Round and round, the plane turns. 180, 360, 540, 720 degrees. Up and up, like a spiral staircase. International airspace beckons, and finally you get there. From Osh over to the Uzbekistani Ferghana Valley, and now the flight begins to make purpose. Over the crops, over the pastures. Swathes of green and yellow patches. Is this where the Turkish get their inspiration for their rugs?
The valley falls away, rising green hills take its place. Not for much longer. Higher and higher, the plane creeps. Higher and higher, the mountains peak. Have you ever seen the land so tall?. Have you ever seen mountains touching the sky at all? The barrier between mountain, haze and sky disappears. You feel infinitesimally small. The Tien Shan, the impenetrable range, sits below you, so close you feel you could just walk out on to it. From this height, all the rugged rocks look smooth, like a carpet covering the world. It’s the dead of summer, and the peaks are snow capped. The depths and sizes of these Christmas like patches vary, larger and deeper on the shady side of the mountain.

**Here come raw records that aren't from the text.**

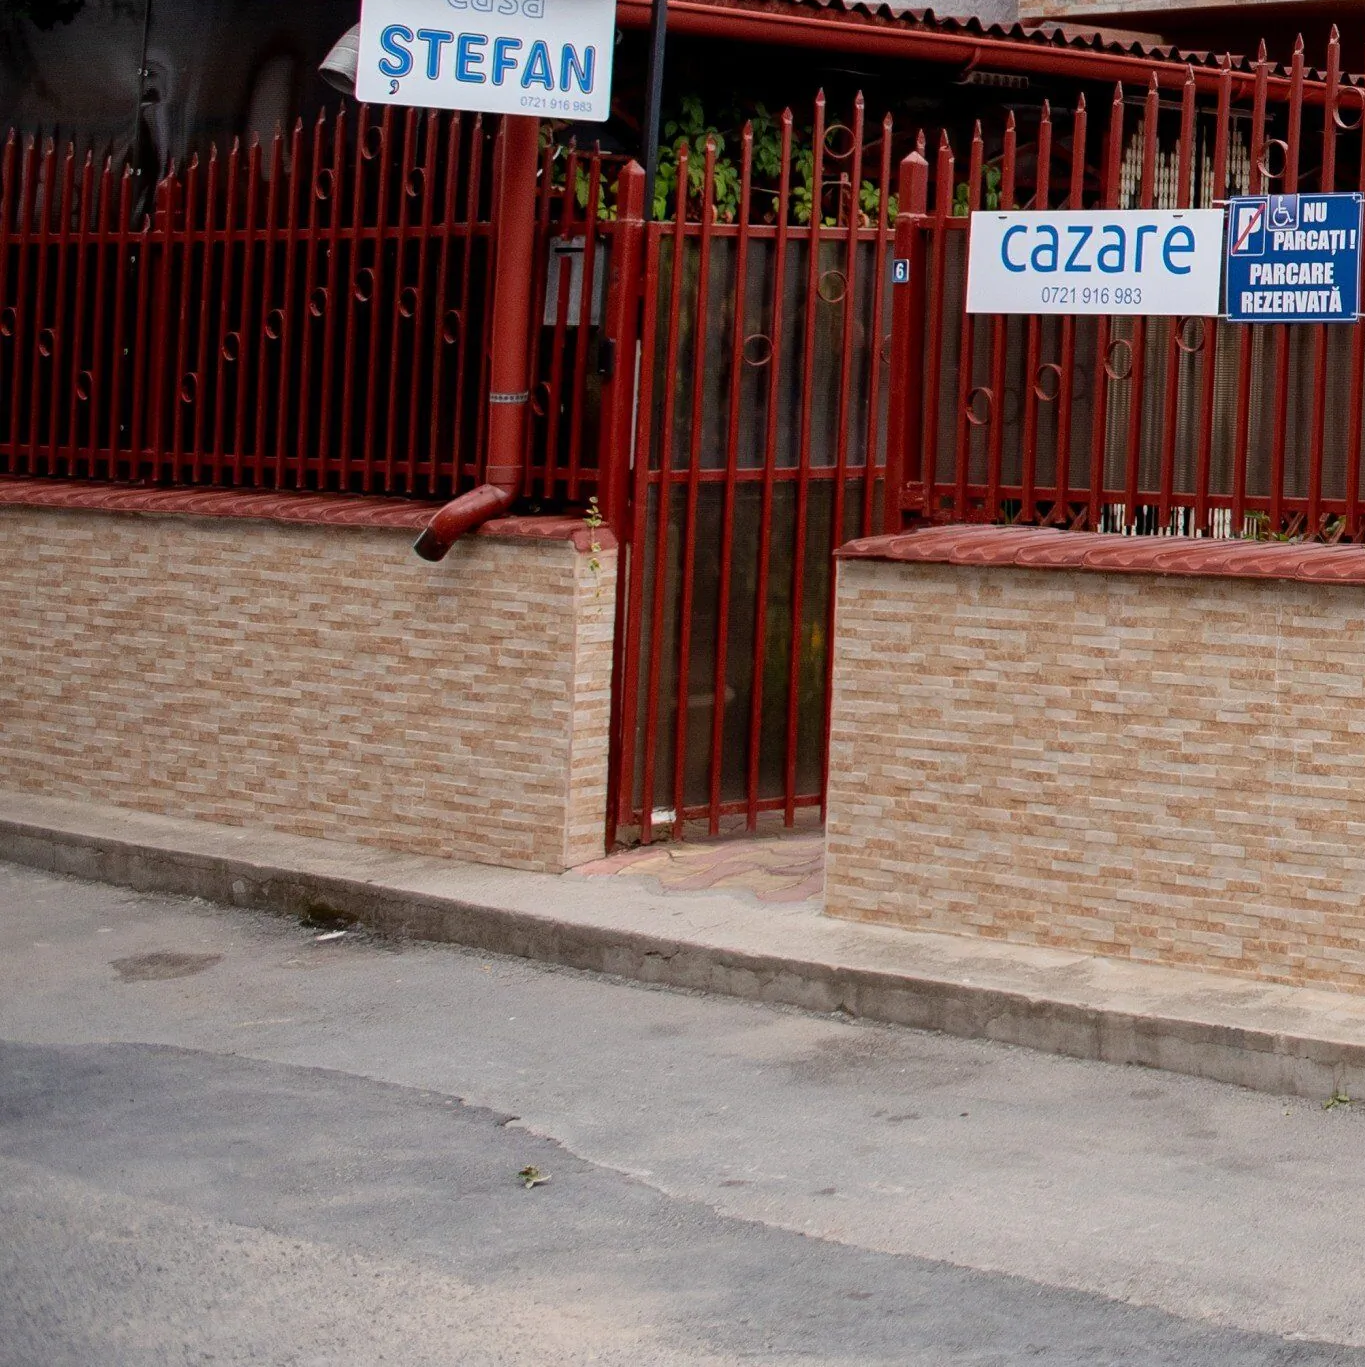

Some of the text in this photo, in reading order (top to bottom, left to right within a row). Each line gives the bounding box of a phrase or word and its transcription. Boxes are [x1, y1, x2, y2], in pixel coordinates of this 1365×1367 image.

[378, 24, 597, 95] ȘTEFAN
[520, 96, 593, 112] 0721 916 983
[1303, 202, 1328, 223] NU
[1001, 224, 1196, 275] cazare
[896, 262, 905, 280] 6
[1249, 262, 1335, 286] PARCARE
[1041, 286, 1142, 305] 0721 916 983
[1241, 285, 1343, 314] REZERVATĂ
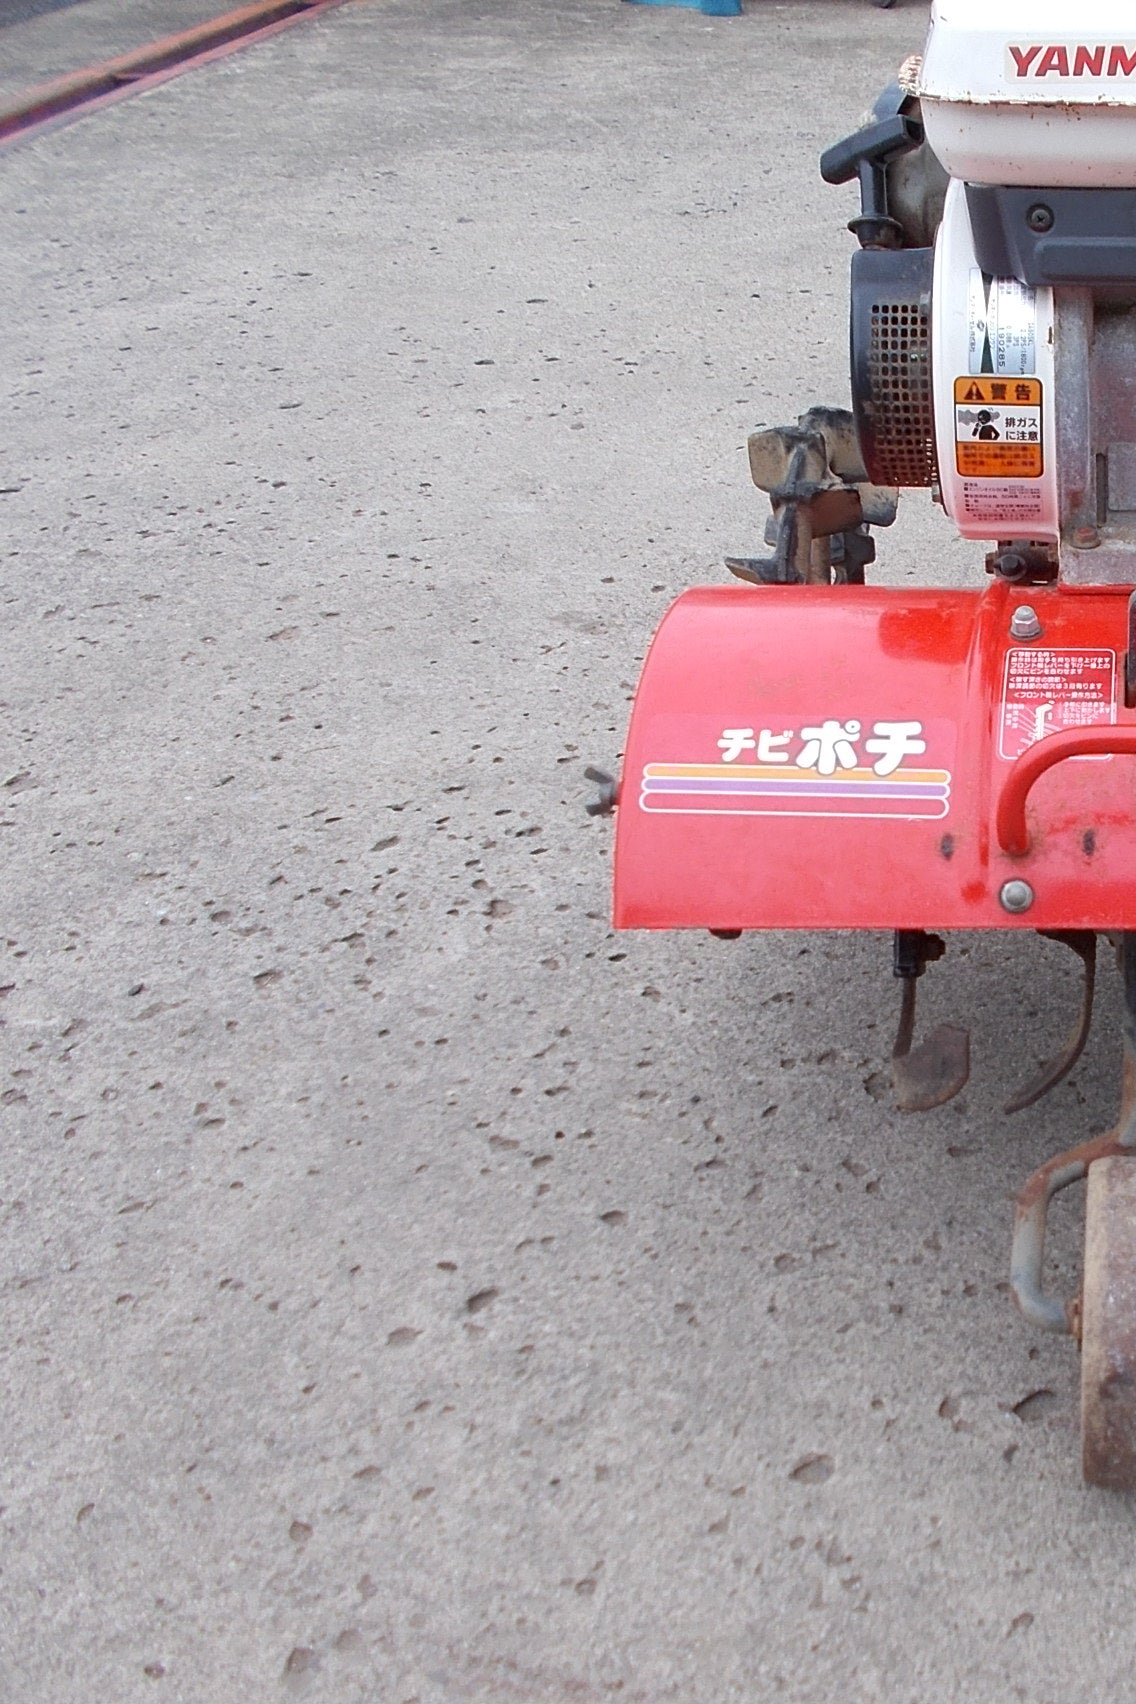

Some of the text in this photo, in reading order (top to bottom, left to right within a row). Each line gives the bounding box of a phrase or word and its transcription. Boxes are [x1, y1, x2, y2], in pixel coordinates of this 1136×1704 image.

[998, 327, 1006, 367] 190285
[990, 383, 1031, 400] 警告
[1005, 417, 1038, 428] 排ガス
[1005, 430, 1039, 441] に注意
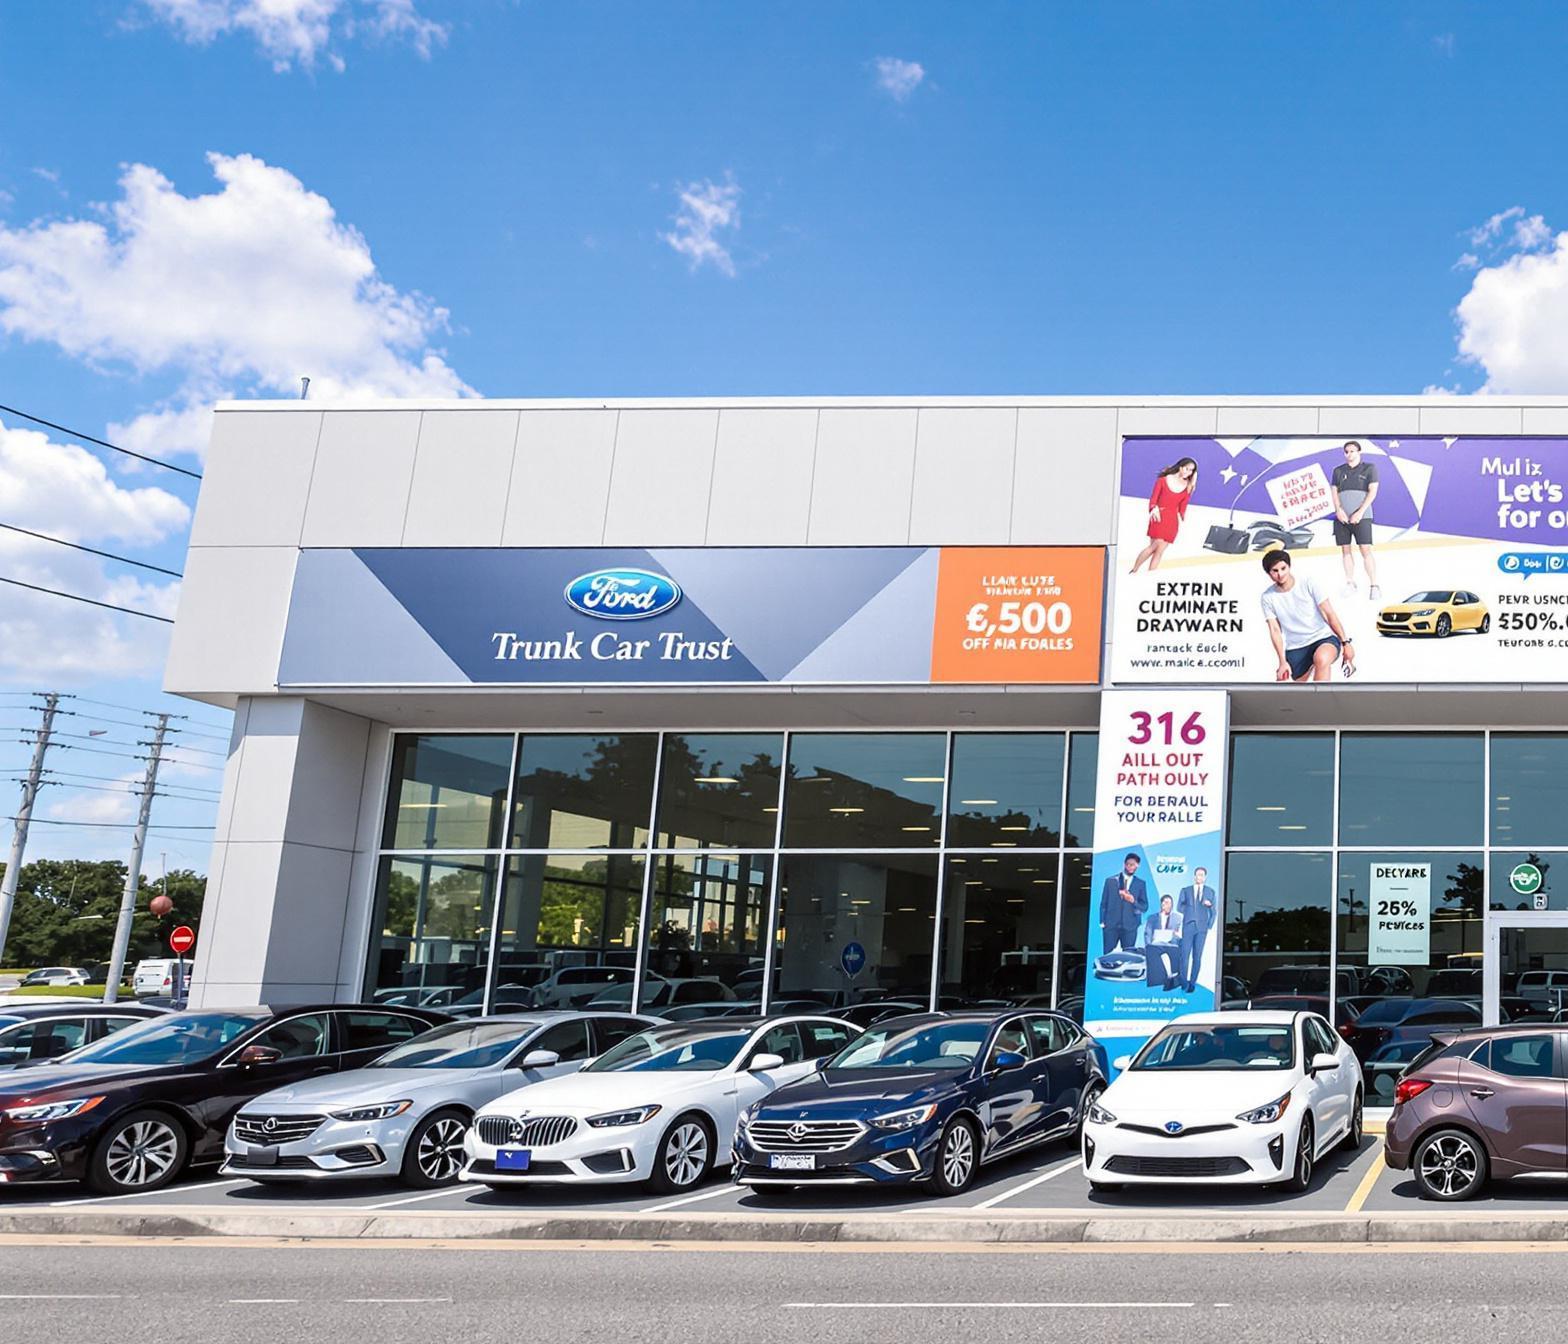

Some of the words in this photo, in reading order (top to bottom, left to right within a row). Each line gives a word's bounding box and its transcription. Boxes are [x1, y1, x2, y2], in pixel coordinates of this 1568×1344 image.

[1498, 478, 1563, 503] Let's
[1497, 503, 1541, 529] for
[583, 576, 658, 609] Ford
[1157, 582, 1223, 597] EXTRIN
[1136, 618, 1243, 632] DRAYWARN
[492, 632, 582, 660] Trunk
[591, 632, 650, 660] Car
[659, 632, 733, 660] Trust
[962, 638, 990, 650] OFF
[1128, 711, 1206, 745] 316
[1122, 753, 1160, 766] AILL
[1166, 753, 1203, 766] OUT
[1116, 773, 1159, 785] PATH
[1164, 773, 1208, 785] OULY
[1114, 796, 1142, 806] FOR
[1117, 811, 1155, 822] YOUR
[1158, 811, 1203, 822] RALLE
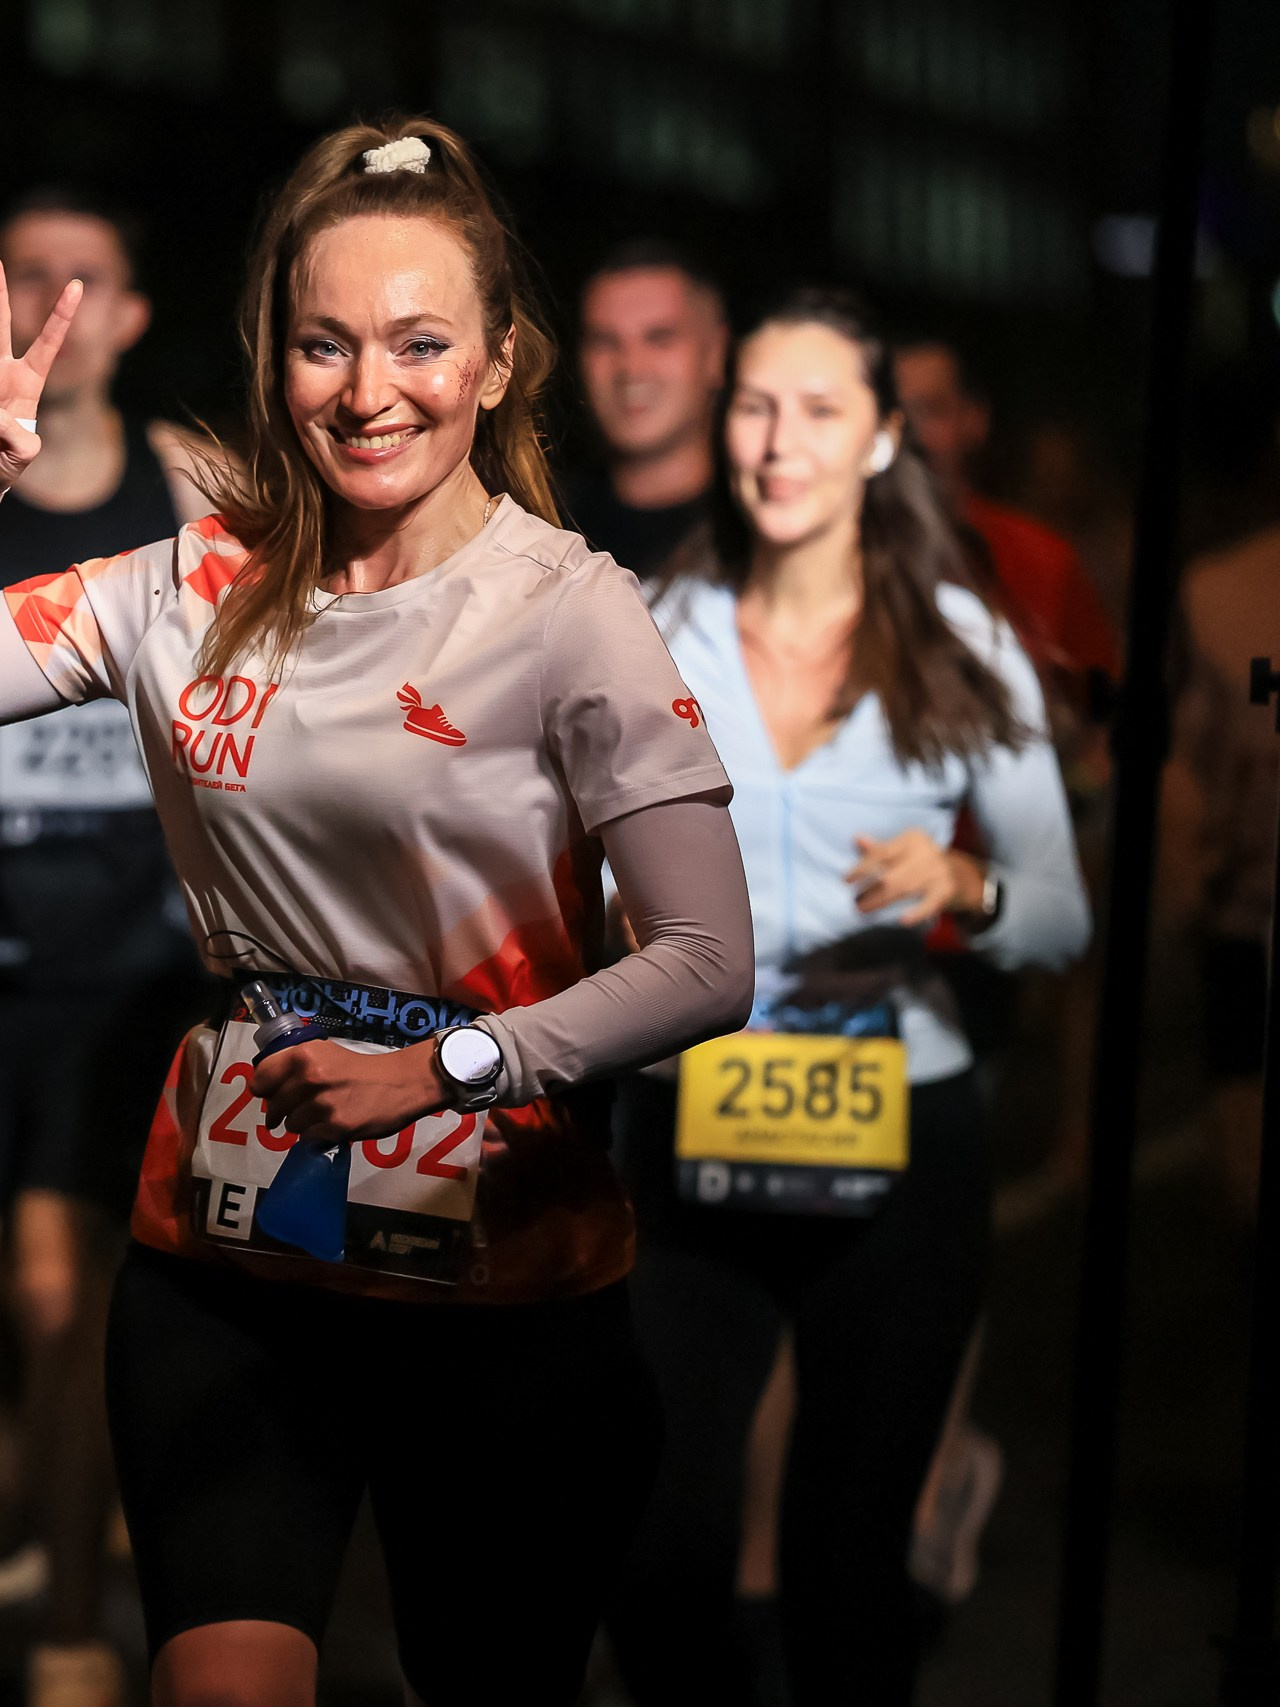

The ice-cream peaks give way to the rolling green hills. The steppes are punctuated with veins and canals, carrying the life blood of Central Asia to its dependents. Thick, grey and rocky, these veins spread in every direction from the mountains. Flowing fast even at its lowest levels. The water is a never ending source of life, of conflict. Who’s first, who’s next. The rivers sway in a rhythmic motion, taking the blood of the mountains to far away lands. Canals tap the veins, straight lines tear through the landscape. Cotton was the future, and these canals feed nobody but das capitalist, not even Marx or Engels gets his feed. The borders are near, but the veins get thinner and thinner. Canal after canal, the rivers are tapped. Tick tock, the conflict has stopped?
Fields and fields, patches and patches. Tapestry of life is below. Cotton, corn, melon, cherries, wheat, apricots, and potatoes. Vroom vroom, they disappear. Like a stuntman, the plane rocks from left to right. The tarmac appears to be heading in the wrong direction. A handbrake turn at a thousand feet? The Ruske is mad, thinking he is in a Cessna, Messerschmitt or Tiger Moth. Bank hard to right. Drop hundreds of feet. Being pushed by the wind, left and right and back again. Straightening up, dropping like a stone… the heart waits to beat, while the hands hold the seat in front sturdily…
Thud, skid and slide… the plane hits the ground hard and the Ruske wrestles control. He doesn’t slow it down as it rushes past the black sheep, until the turnoff when he decides to taxi. You look around and notice Manas International Airport for what it is. Over a dozen herculean black planes lie the runway, gaping anuses you could drive a tank through, marked with U.S. in-signatories. This is the World’s Game of Chess, each team has chosen their colour. In Osh, lies a graveyard of white behemoths from the 1990s, wondering whether they will be re-instigated with Putin’s Fervour. And behind the gaping anuses of Manas, lie a second row of planes with more aerials than a Bangladesh apartment building.
You push through the wall of sound, “taxi taxi taxi”, you see the sign with your logo on it. Sergey my old man, glad to see you. “Offis?”, “Dah”. You take a deep breath, and you’re not sure whether you’re at your second home in Bishkek or whether you have no home.